15 out of 233 (6.4%) patients were confirmed to develop SCLC transformation after failure to EGFR-TKI. We analyzed the clinical parameters of these patients by using chi-square test and Kaplan-Meier analysis. To explore gene alterations that might contribute to SCLC transformation, next generation sequencing (NGS) was performed on four pairs of matched pre- and post-transformation tumor tissue samples. We further performed NGS on 11 matched circulating tumor DNA (ctDNA) to explore the potential mechanism of resistance to EGFR-TKI.


93.3% (14/15) SCLC transformed patients harbored EGFR 19 deletion. The median PFS and overall survival (OS) of SCLC-transformed patients treated with EGFR-TKI compared to those without transformation were 11.7 versus 11.9 months (P = 0.473) and 29.4 versus 24.3 months (P = 0.664), respectively. All 4 patients developed loss of heterozygosity of TP53/RB1 after transformation. Besides, increased copy number of five proto-oncogenes were identified in post-transformation tissue samples. Three patients developed EGFR T790M mutation in the post-transformation ctDNA rather than their tissue samples.
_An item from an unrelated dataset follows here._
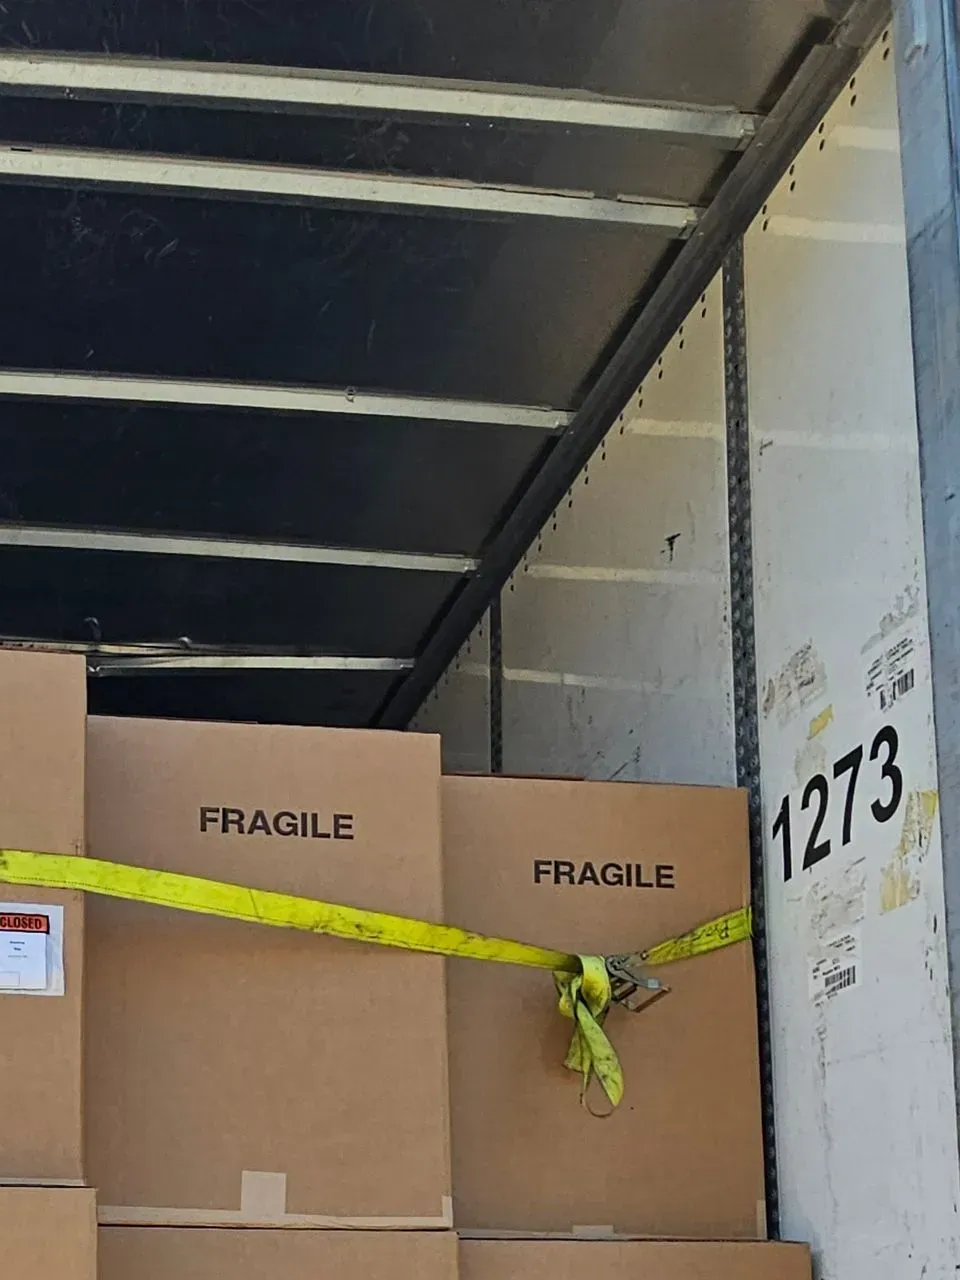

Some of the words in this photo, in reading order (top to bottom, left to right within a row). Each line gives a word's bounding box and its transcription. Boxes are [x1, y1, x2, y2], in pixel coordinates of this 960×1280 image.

SCLC transformation was commonly seen in patients harboring EGFR 19 deletion. The clinical outcomes of TKI and OS in SCLC transformed patients were similar to non-transformed patients. The loss of heterozygosity of TP53 and RB1 along with increased copy number of proto-oncogenes may lead to the SCLC transformation. The mechanisms of acquired resistance to TKI during SCLC transformation might be the emergence of classic drug resistance mutations, which was undetectable due to the intra-tumor heterogeneity.

Clinical trial indentification

Legal entity responsible for the study

Guangdong Lung Cancer Institute


This study was supported by grants from the Project of the National Natural Science Funding of China (Grant No. 81472207)


All authors have declared no conflicts of interest.